The beads are composed of dextran polymers, agarose, or polyacrylamide. The pore sizes of these
beads approximate the dimensions of macromolecules. As a solution of molecules is passed
through the column, the molecules passively distribute between the pores based on their sizes.
Electrophoresis
Electrophoretic techniques are based on the movement of ions in an electrical field. If a mixture
of electrically charged biomolecules is placed in an electric field of field strength E, they flow
freely towards an electrode with an opposite charge. Although, movement by every molecule
differs in relation to the physical characteristics of the molecule and experimental system used. In
an electric field, the velocity of movement, ν, of a charged molecule depends on variables
described by (v=E.q/f) where f is the frictional coefficient (which describes the frictional resistance
to mobility and depends on a number of factors such as mass of the molecule, its degree of
compactness, buffer viscosity and the porosity of the matrix in which the experiment is performed),
q is the net charge on the molecule (determined by the abundance of positive and negative charges
in the molecule such as charges on proteins due to the amino acid side chains). This equation
explains that molecules will move faster as their net charge increases, the electric field strengthens
and as f decreases (which is a function of molecular mass/shape). Molecules of similar net charge
separate due to differences in frictional coefficient while molecules of similar mass/shape may
differ widely from each other in net charge Generally, electrophoresis is carried out not in free
solution but in a porous support matrix such as polyacrylamide or agarose, which retards the
movement of molecules according to their dimensions relative to the size of the pores in the matrix.
Hydrophobic Interaction Chromatography
Hydrophobic interaction chromatography (HIC) exploits the hydrophobic nature of proteins in
purifying them. Proteins are passed over a chromatographic column packed with a support matrix
to which hydrophobic groups are covalently linked. Phenyl Sepharose, an agarose support matrix
to which phenyl groups are attached, is a prime example of such material.
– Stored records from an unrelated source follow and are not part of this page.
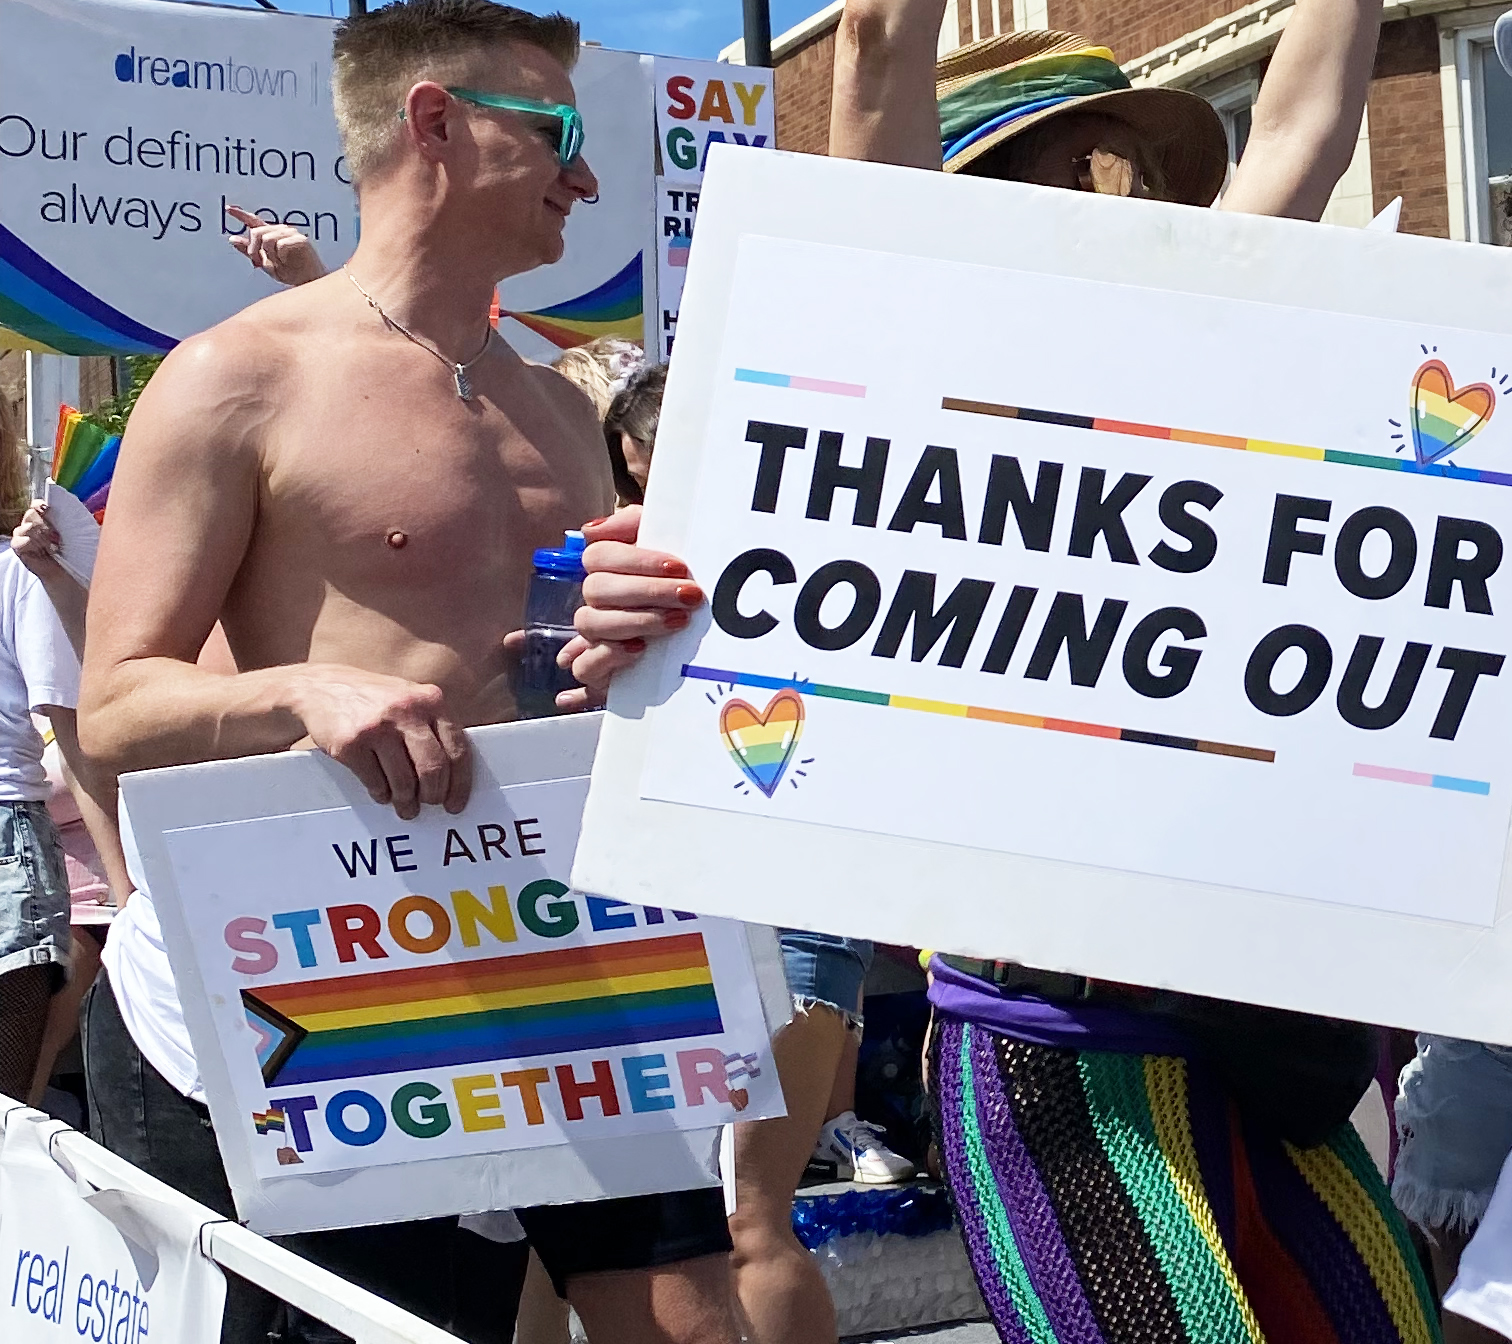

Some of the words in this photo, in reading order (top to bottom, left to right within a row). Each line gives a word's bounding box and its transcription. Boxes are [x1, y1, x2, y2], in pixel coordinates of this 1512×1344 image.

[115, 45, 298, 99] dreamtown
[666, 75, 767, 126] SAY
[0, 114, 87, 161] Our
[105, 126, 315, 181] definition
[41, 183, 202, 240] always
[743, 419, 1223, 574] THANKS
[1262, 492, 1505, 616] FOR
[711, 547, 1208, 700] COMING
[1242, 622, 1505, 740] OUT
[332, 837, 419, 879] WE
[441, 818, 547, 869] ARE
[266, 1046, 735, 1154] TOGETHER
[11, 1245, 69, 1324] real
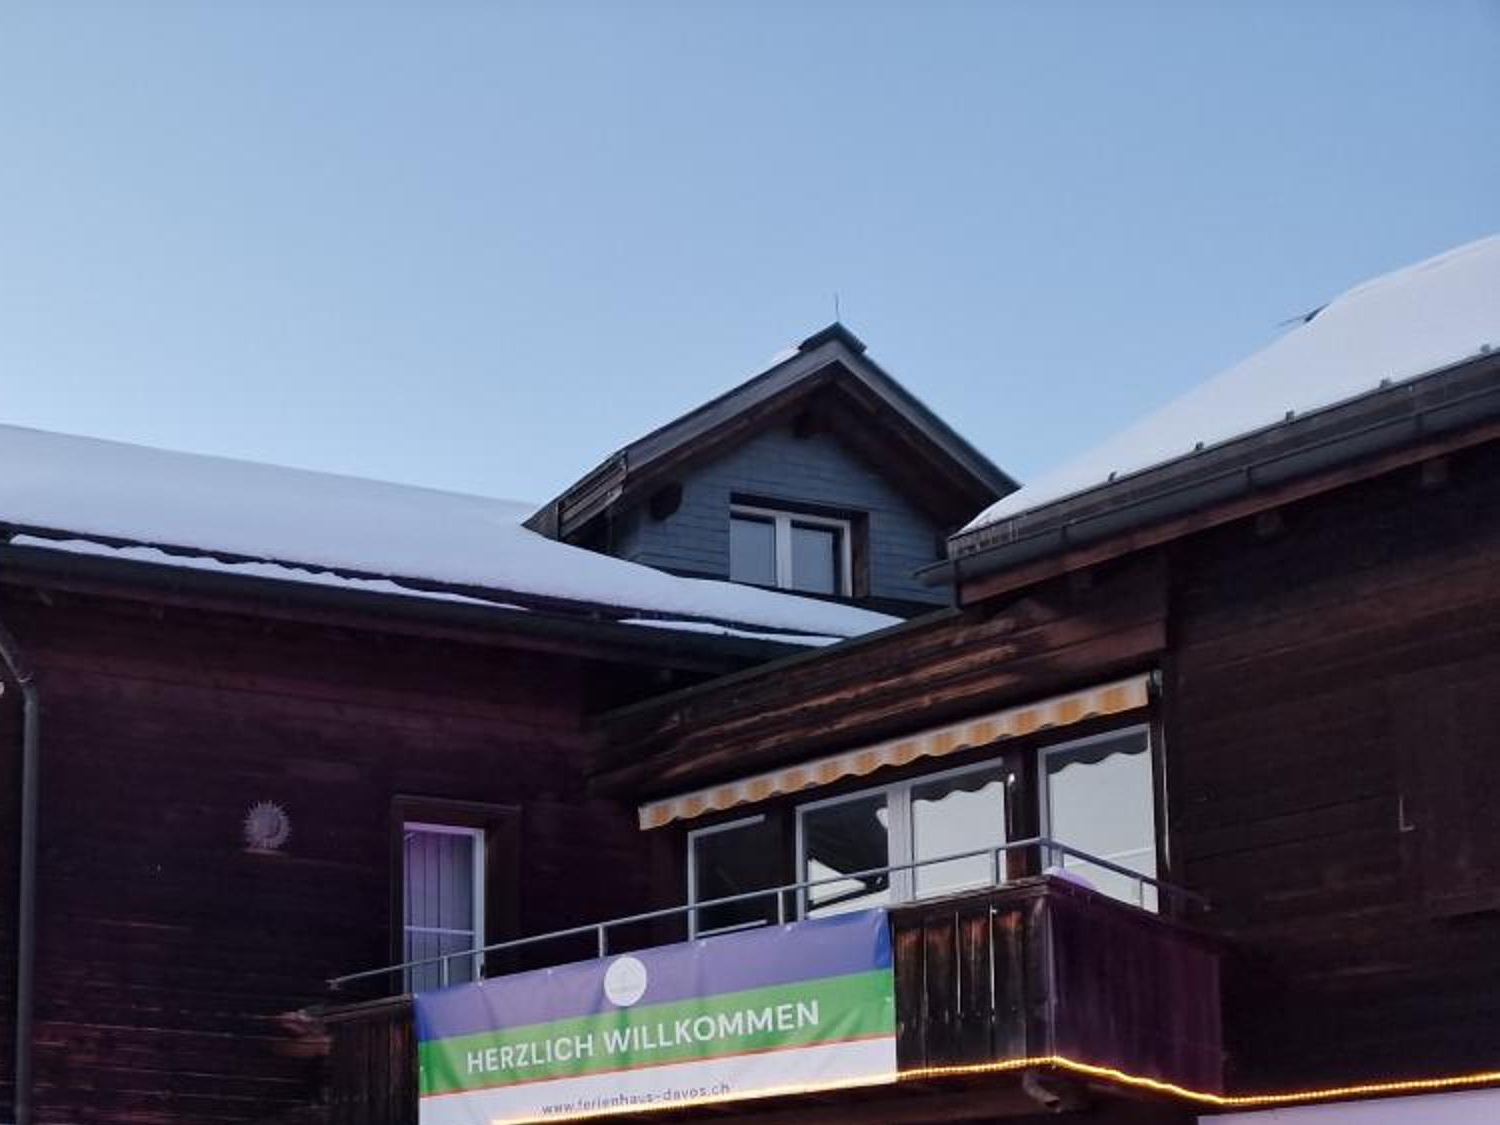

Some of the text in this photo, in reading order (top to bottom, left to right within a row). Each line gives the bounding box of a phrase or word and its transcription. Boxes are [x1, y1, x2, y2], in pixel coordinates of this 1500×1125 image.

[467, 1001, 820, 1073] HERZLICH WILLKOMMEN
[542, 1084, 731, 1115] www.ferienhaus-davos.ch
In the presence of high
salt concentrations, proteins bind to the phenyl groups by virtue of hydrophobic interactions.
Proteins in a mixture can be differentially eluted from the phenyl groups by lowering the salt
concentration or by adding solvents such as polyethylene glycol to the elution fluid.
High-Performance Liquid Chromatography
The principles exploited in high-performance (or high-pressure) liquid chromatography (HPLC)
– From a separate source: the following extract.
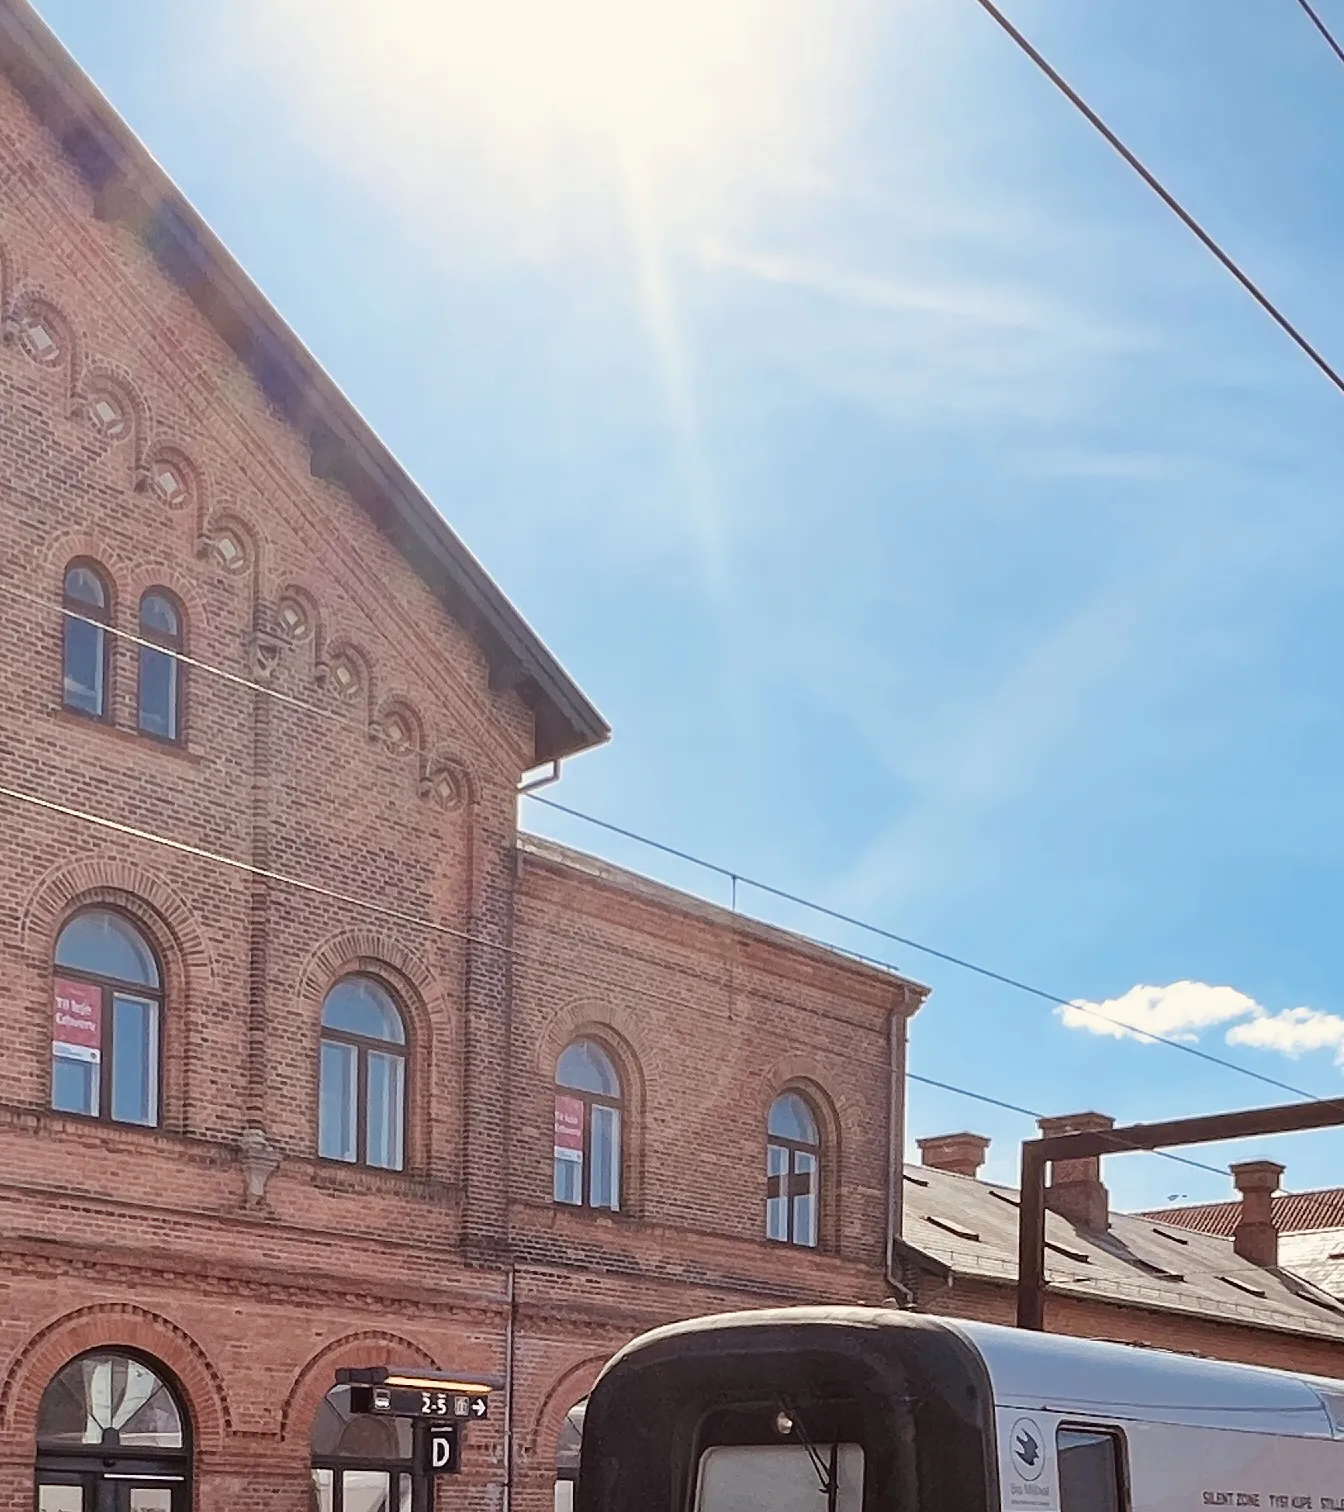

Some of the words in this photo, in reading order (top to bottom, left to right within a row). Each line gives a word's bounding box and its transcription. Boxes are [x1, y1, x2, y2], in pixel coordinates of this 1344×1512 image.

[421, 1395, 447, 1415] 2-5
[432, 1437, 450, 1467] D
[1202, 1491, 1234, 1506] SILENT
[1236, 1492, 1260, 1508] ZONE
are the same as those used in the common chromatographic methods such as ion exchange
chromatography or size exclusion chromatography. Very-high-resolution separations can be
achieved quickly and with high sensitivity in HPLC using automated instrumentation. Reversephase HPLC is a widely used chromatographic procedure for the separation of nonpolar solutes.
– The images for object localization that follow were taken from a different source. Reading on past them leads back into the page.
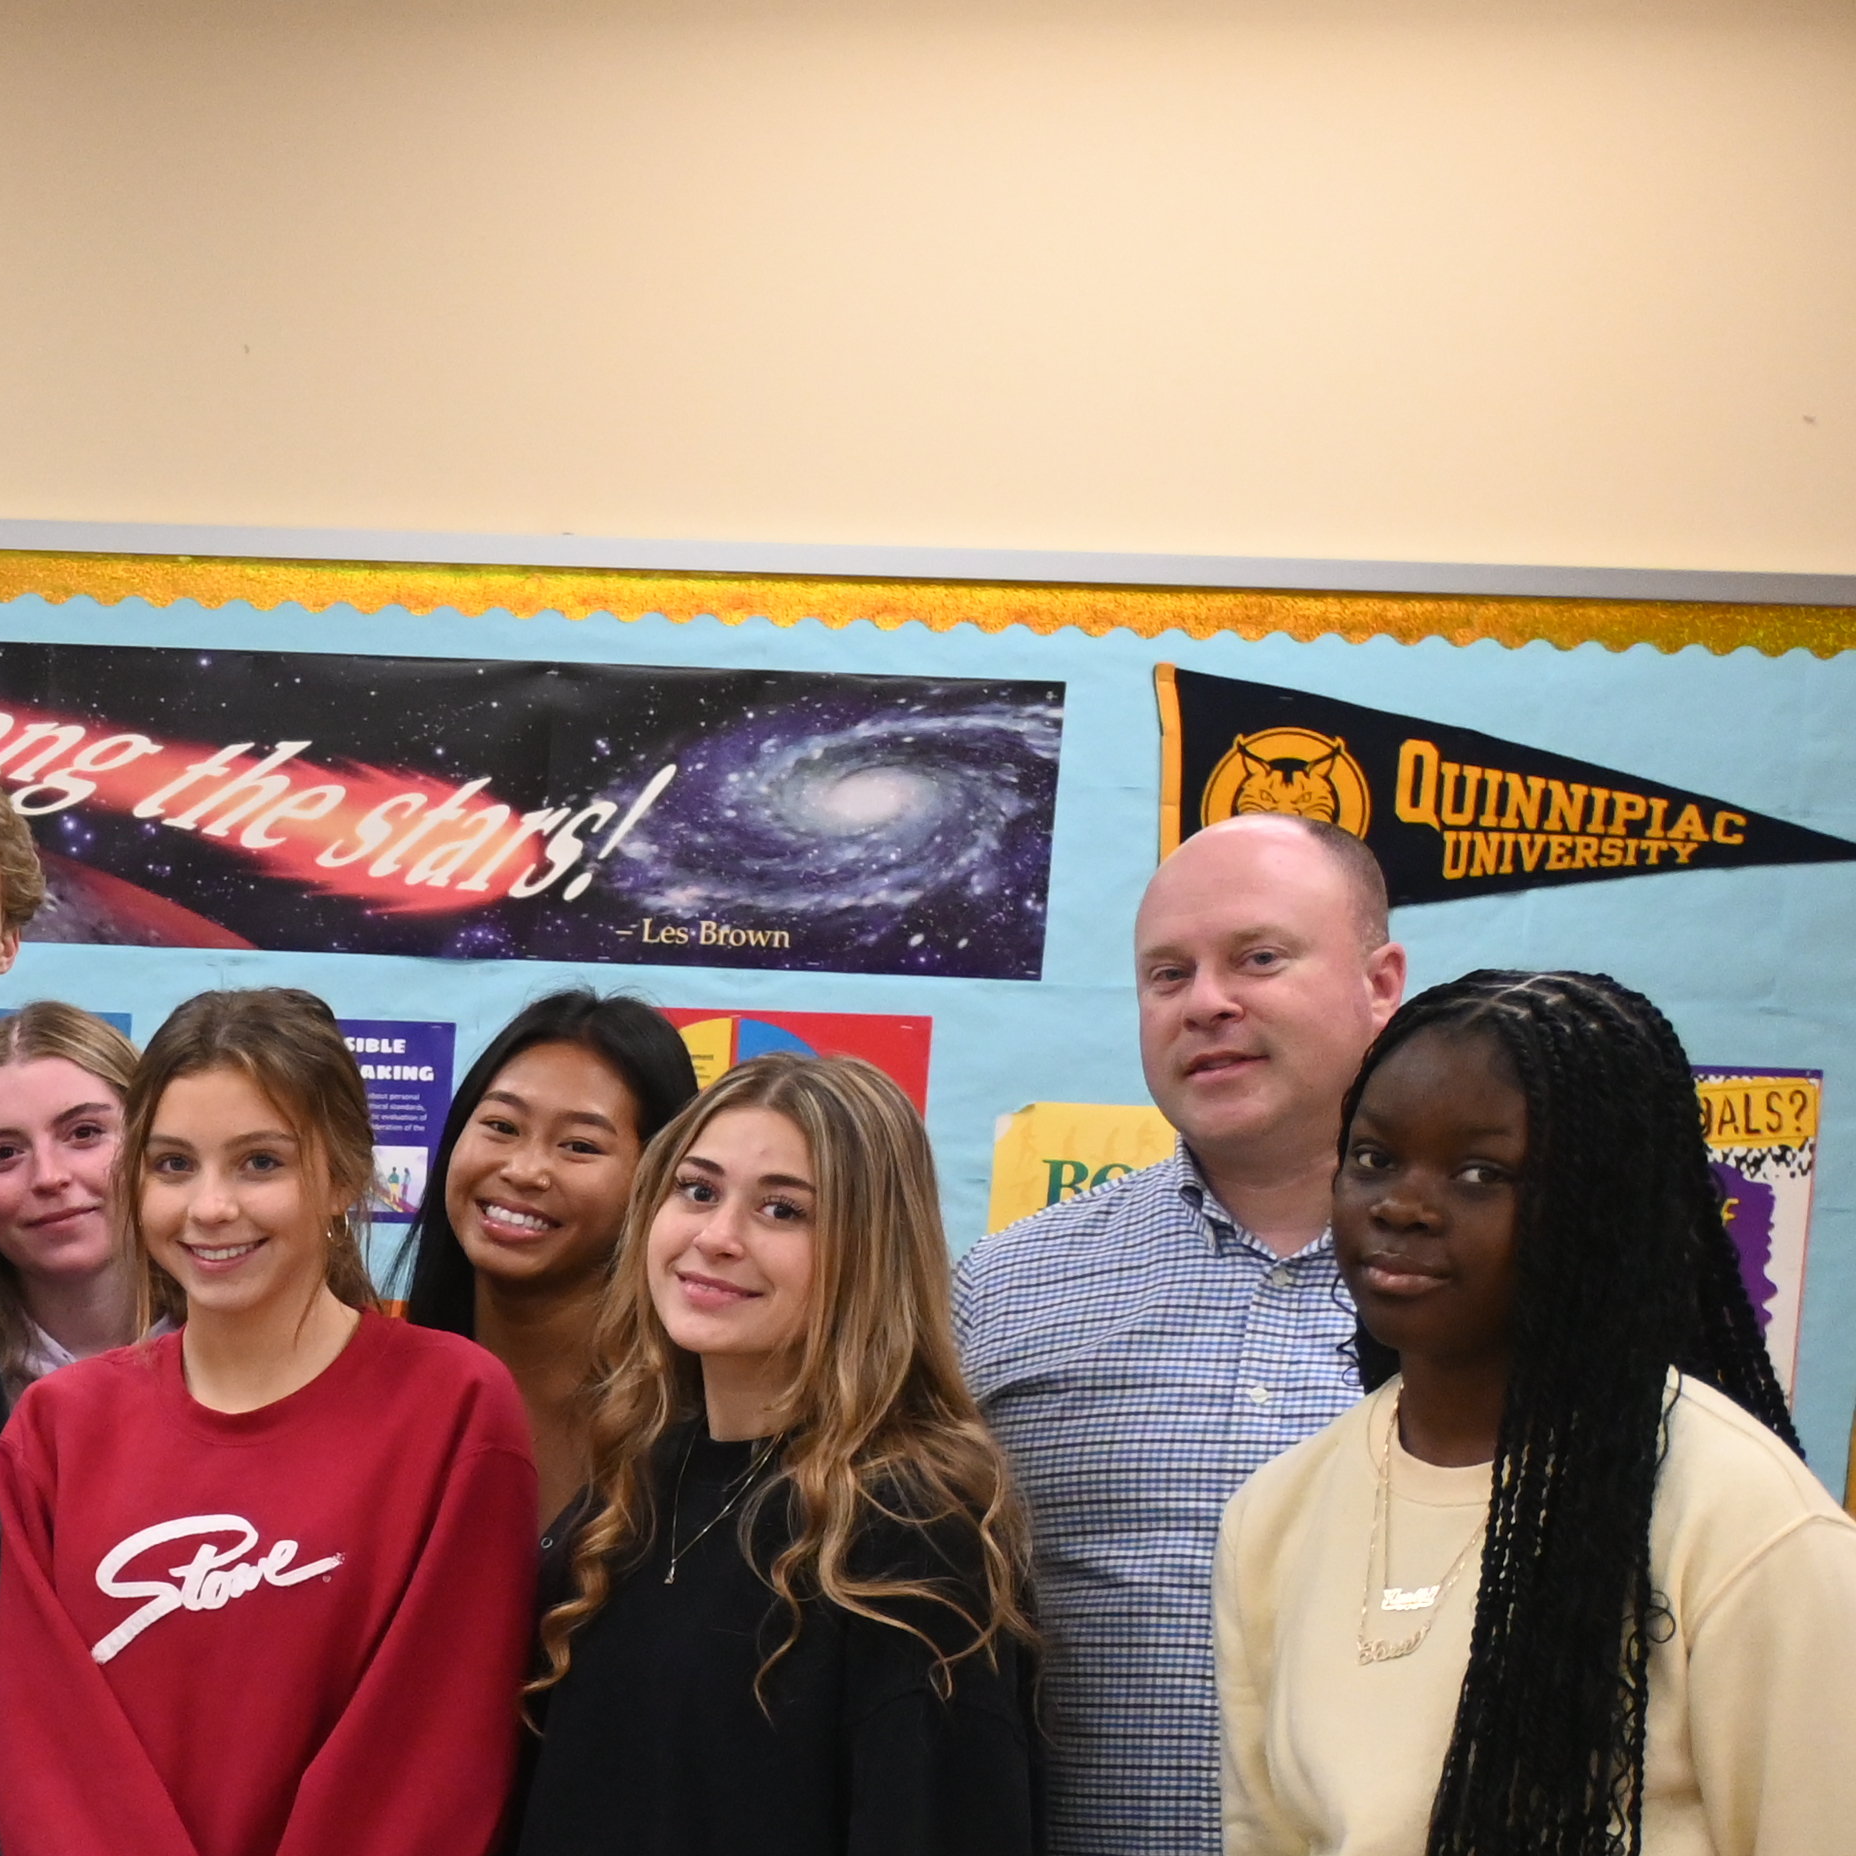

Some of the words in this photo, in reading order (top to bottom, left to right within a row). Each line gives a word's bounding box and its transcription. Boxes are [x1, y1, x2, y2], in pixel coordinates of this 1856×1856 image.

[1395, 737, 1748, 846] QUINNIPIAC
[131, 740, 313, 849] the
[317, 762, 677, 903] stars!
[1441, 829, 1700, 881] UNIVERSITY
[641, 917, 689, 944] Les
[698, 919, 791, 949] Brown
[360, 1064, 435, 1082] AKING
In reverse-phase HPLC, a solution of nonpolar solutes is chromatographed on a column having a
nonpolar liquid immobilized on an inert matrix; this nonpolar liquid serves as the stationary phase.
A more polar liquid that serves as the mobile phase is passed over the matrix, and solute molecules
are eluted in proportion to their solubility in this more polar liquid.
Affinity Chromatography
Affinity purification strategies for proteins exploit the biological function of the target protein. In
most instances, proteins carry out their biological activity through binding or complex formation
with specific small biomolecules, or ligands, as in the case of an enzyme binding its substrate. If
this small molecule can be immobilized through covalent attachment to an insoluble matrix, such
as a chromatographic medium like cellulose or polyacrylamide, then the protein of interest, in
displaying affinity for its ligand, becomes bound and immobilized itself. It can then be removed
from contaminating proteins in the mixture by simple means such as filtration and washing the
matrix. Finally, the protein is dissociated or eluted from the matrix by the addition of high
concentrations of the free ligand in solution.